Why make the jump to Mac?

Satcomer said:
The answer I always get is "it doesn't support (put the latest game PC game here) latest game like on a PC". It's a lame excuse but it is most always the first excuse they give with the second one being money.

If they come up with support for the latest games, I normally tell them to get a console. In order to play the latest PC games at their best, you need the latest and greatest PC components, i.e. top notch CPU, video cards, etc. That normally squashes the price argument against Macs, since most gamers spend far more on their PCs over its life time that if they had bought a Mac and a console.
 
Thanks all SO MUCH for all your info! I was just wondering about this though:

mindbend said:
if you're doing mostly ASP code, it'll be easier on the PC with built-in ASP server. If you're doing mostly PHP, it's the other way around for OS X and Apache.

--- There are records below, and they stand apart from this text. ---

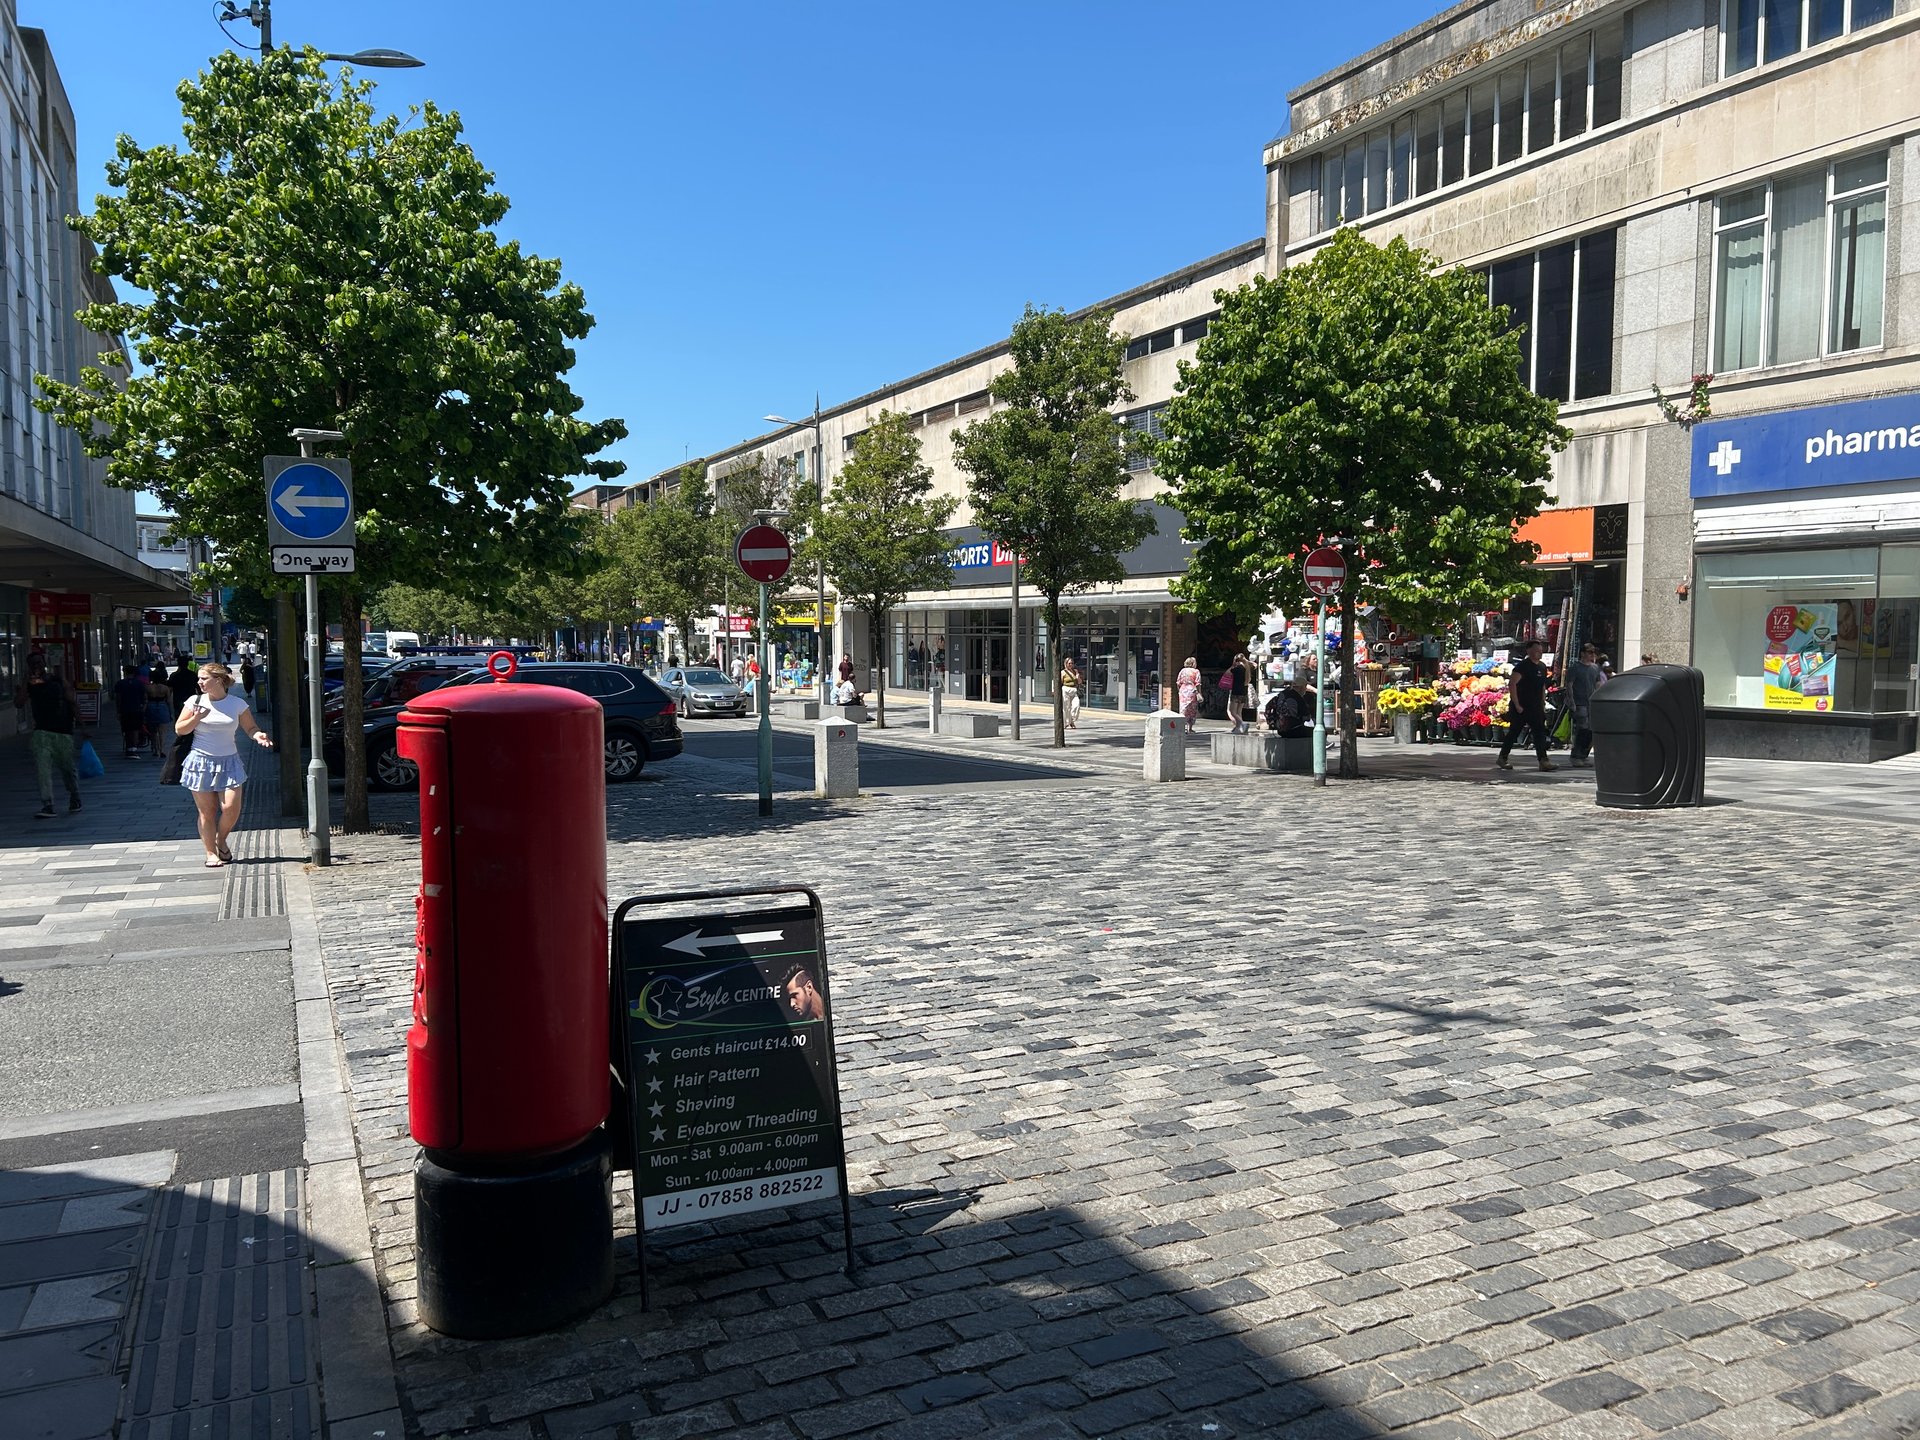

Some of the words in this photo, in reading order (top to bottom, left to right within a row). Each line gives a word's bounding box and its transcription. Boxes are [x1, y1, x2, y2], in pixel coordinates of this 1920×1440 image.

[1805, 424, 1920, 464] pharma
[280, 553, 312, 566] One
[318, 556, 349, 568] way
[946, 545, 990, 568] SPORTS
[1552, 551, 1572, 560] much
[1572, 550, 1589, 558] more
[1773, 614, 1790, 626] 1/2
[685, 986, 730, 1012] Style
[734, 985, 781, 1003] CENTRE
[671, 1045, 711, 1060] Gents
[715, 1039, 765, 1055] Haircut
[765, 1034, 807, 1050] £14.00
[673, 1073, 705, 1089] Hair
[708, 1066, 760, 1085] Pattern
[675, 1093, 736, 1114] Shaving
[677, 1119, 742, 1141] Eyebrow
[746, 1108, 818, 1129] Threading
[650, 1153, 679, 1168] Mon
[690, 1146, 712, 1161] Sat
[719, 1141, 763, 1157] 9.00am
[774, 1132, 819, 1149] 6.00pm
[665, 1174, 691, 1188] Sun
[704, 1165, 754, 1182] 10.00am
[764, 1156, 808, 1173] 4.00pm
[657, 1197, 681, 1216] JJ
[698, 1186, 753, 1209] 07858
[759, 1174, 823, 1198] 882522
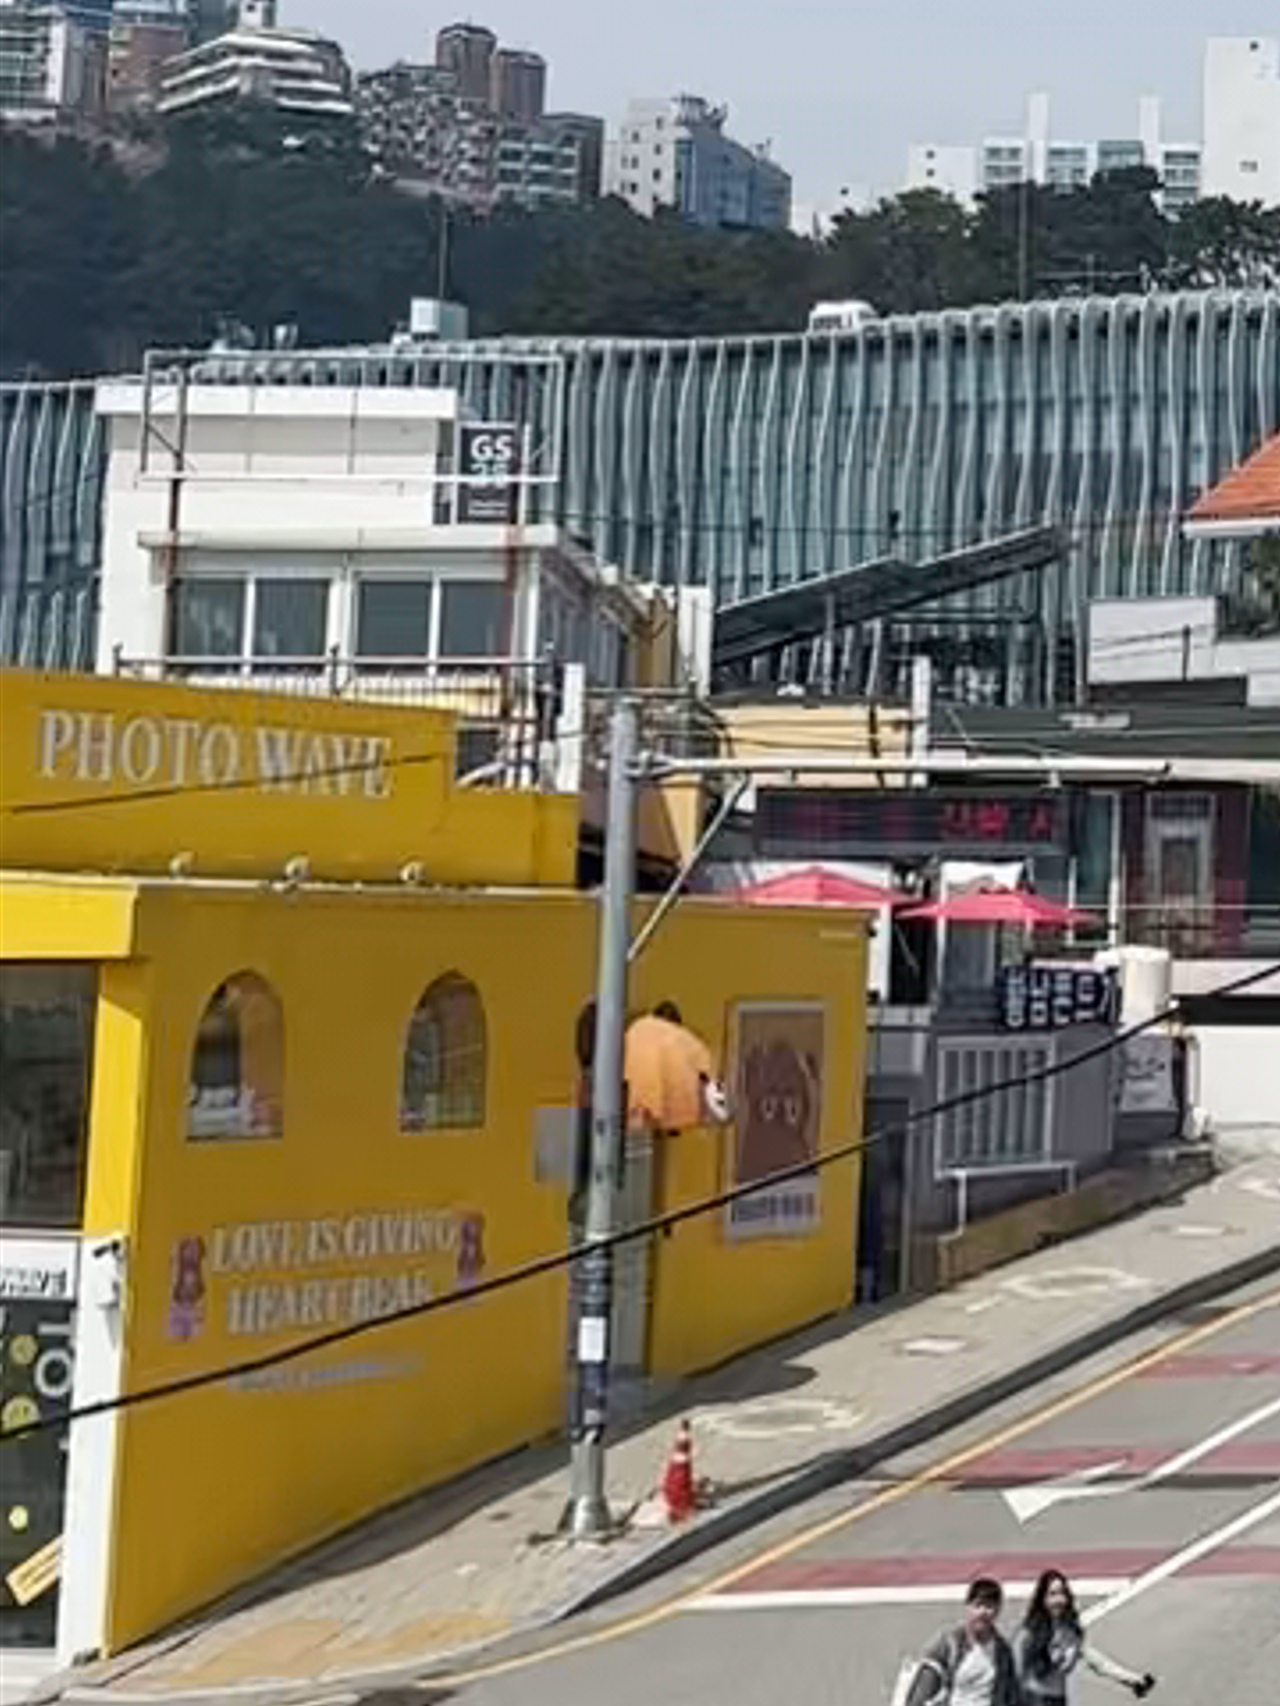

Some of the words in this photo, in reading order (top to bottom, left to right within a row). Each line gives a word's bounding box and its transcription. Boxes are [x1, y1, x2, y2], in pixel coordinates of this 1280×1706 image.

[470, 434, 512, 462] GS
[38, 708, 240, 789] PHOTO
[254, 726, 393, 799] WAVE
[211, 1220, 302, 1274] LOVE
[307, 1217, 339, 1263] IS
[344, 1208, 457, 1257] GIVING
[227, 1278, 346, 1334] HEART
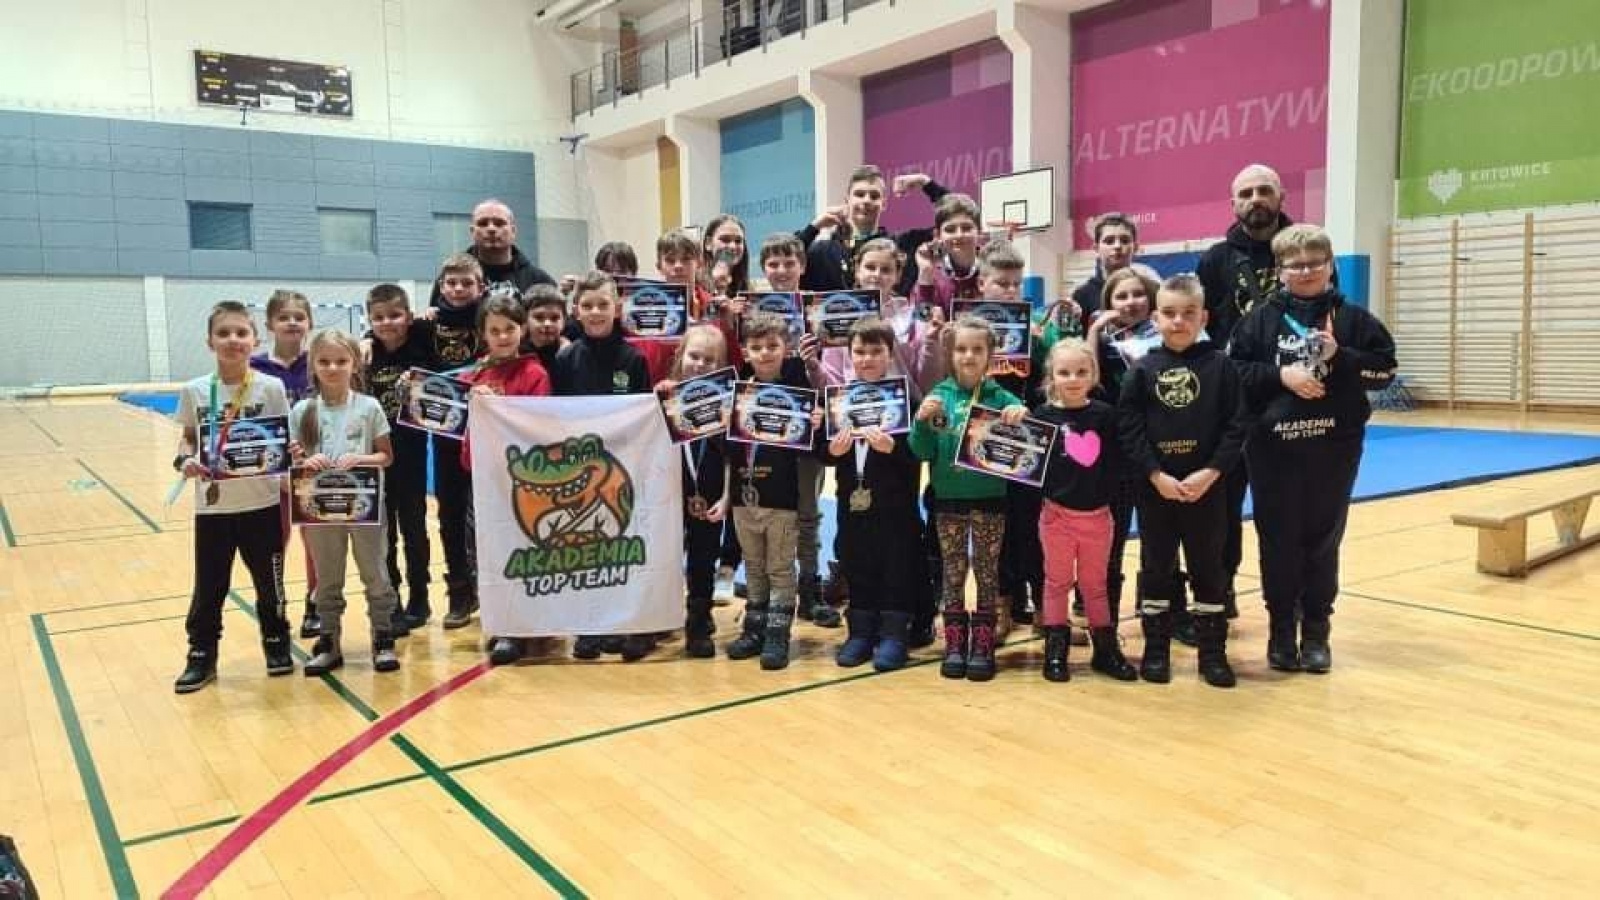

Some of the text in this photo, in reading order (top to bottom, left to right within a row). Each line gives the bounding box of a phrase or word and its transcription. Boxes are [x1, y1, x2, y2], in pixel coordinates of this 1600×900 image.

[504, 535, 646, 577] AKADEMIA
[525, 564, 628, 597] TOP TEAM
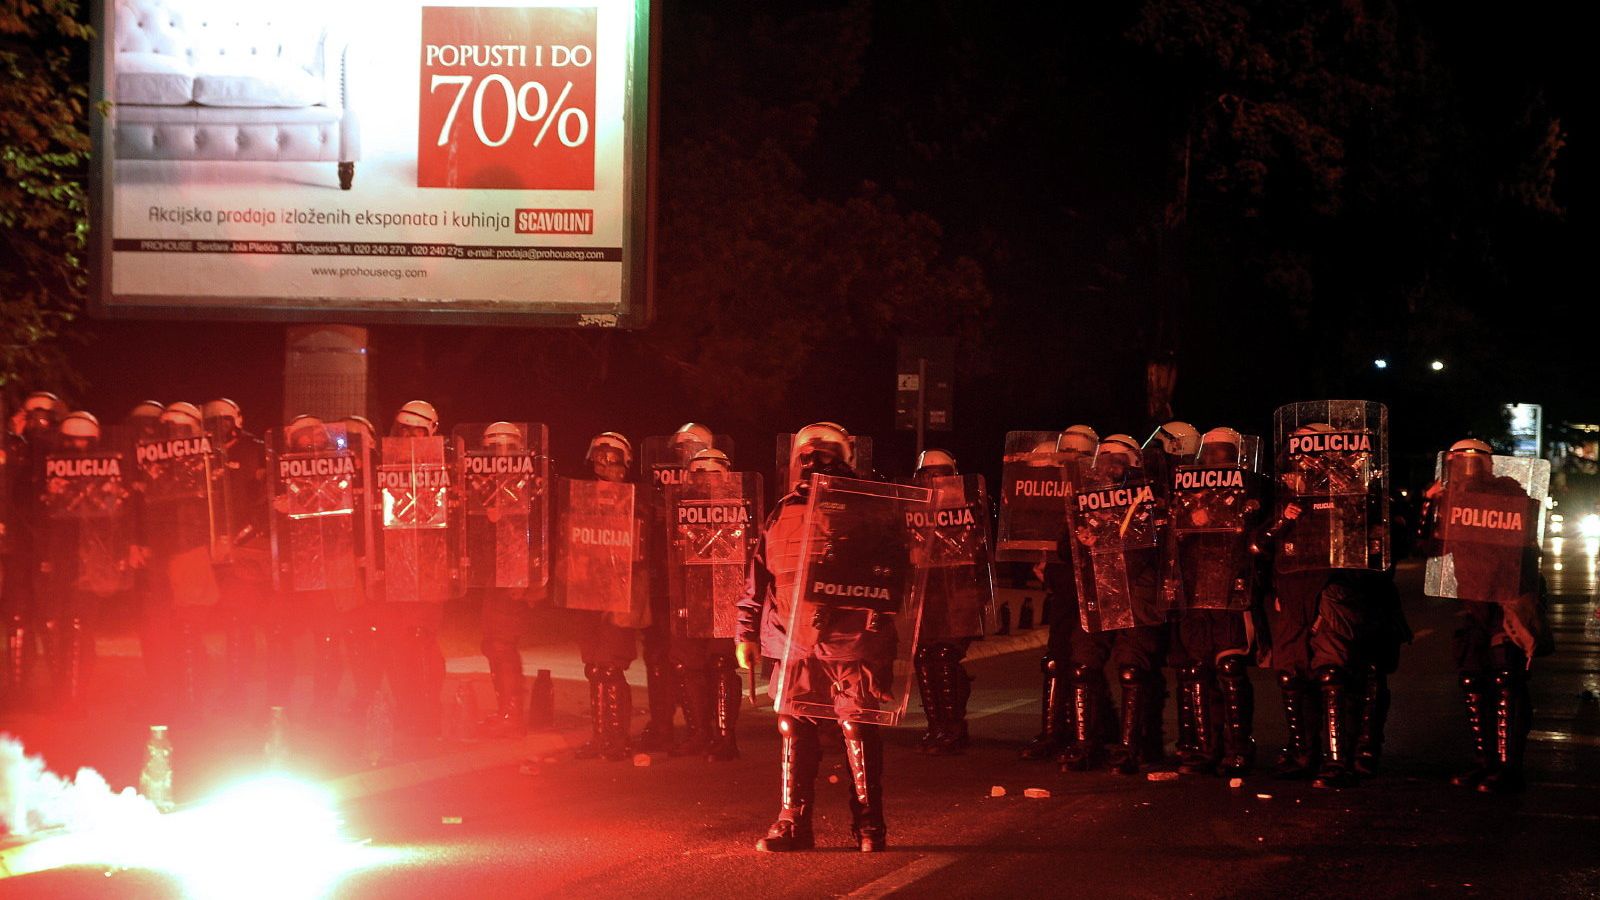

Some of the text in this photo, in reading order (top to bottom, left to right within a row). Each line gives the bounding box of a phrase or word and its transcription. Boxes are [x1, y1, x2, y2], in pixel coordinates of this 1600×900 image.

[426, 45, 592, 66] POPUSTI I DO
[430, 73, 589, 148] 70%
[149, 206, 510, 232] Akcijska prodaja izloženih eksponata i kuhinja
[518, 212, 591, 232] SCAVOLINI
[141, 240, 193, 251] PROHOUSE
[296, 243, 337, 256] Podgorica
[354, 244, 371, 254] 020
[372, 245, 387, 254] 240
[411, 246, 428, 255] 020
[429, 246, 446, 256] 240
[447, 247, 464, 257] 275
[496, 249, 605, 261] prodaja@prohousecg.com
[311, 266, 428, 279] www.prohousecg.com
[136, 438, 212, 464] POLICIJA
[1289, 435, 1372, 454] POLICIJA
[46, 459, 121, 477] POLICIJA
[280, 457, 355, 478] POLICIJA
[464, 456, 534, 474] POLICIJA
[377, 470, 451, 488] POLICIJA
[1016, 480, 1073, 497] POLICIJA
[1175, 470, 1244, 489] POLICIJA
[1078, 485, 1155, 511] POLICIJA
[678, 506, 749, 523] POLICIJA
[905, 508, 975, 527] POLICIJA
[1450, 507, 1522, 530] POLICIJA
[572, 527, 632, 546] POLICIJA
[813, 581, 890, 600] POLICIJA

Windows does not have a built-in ASP server. Plus, all popular server OS's (unix, linux, mac, windows) have third-party applications for serving ALL types of content. I run a server on my windows laptop that i use for testing PHP code. All I'm trying to say is that it doesn't matter what OS you have for your server, you can serve all types of content (maybe not natively, but you can).
 
If anything is a shame it is Windows networking. In Mac OS 9 and Mac OS X my broadband connection was recognized and connected upon startup. Apple has always built a great operating system it is only the third party applications like Microsoft Word 6 that were lacking.
Just for your record books, plug n play was introduced in Mac OS 8.5 when the iMac debuted.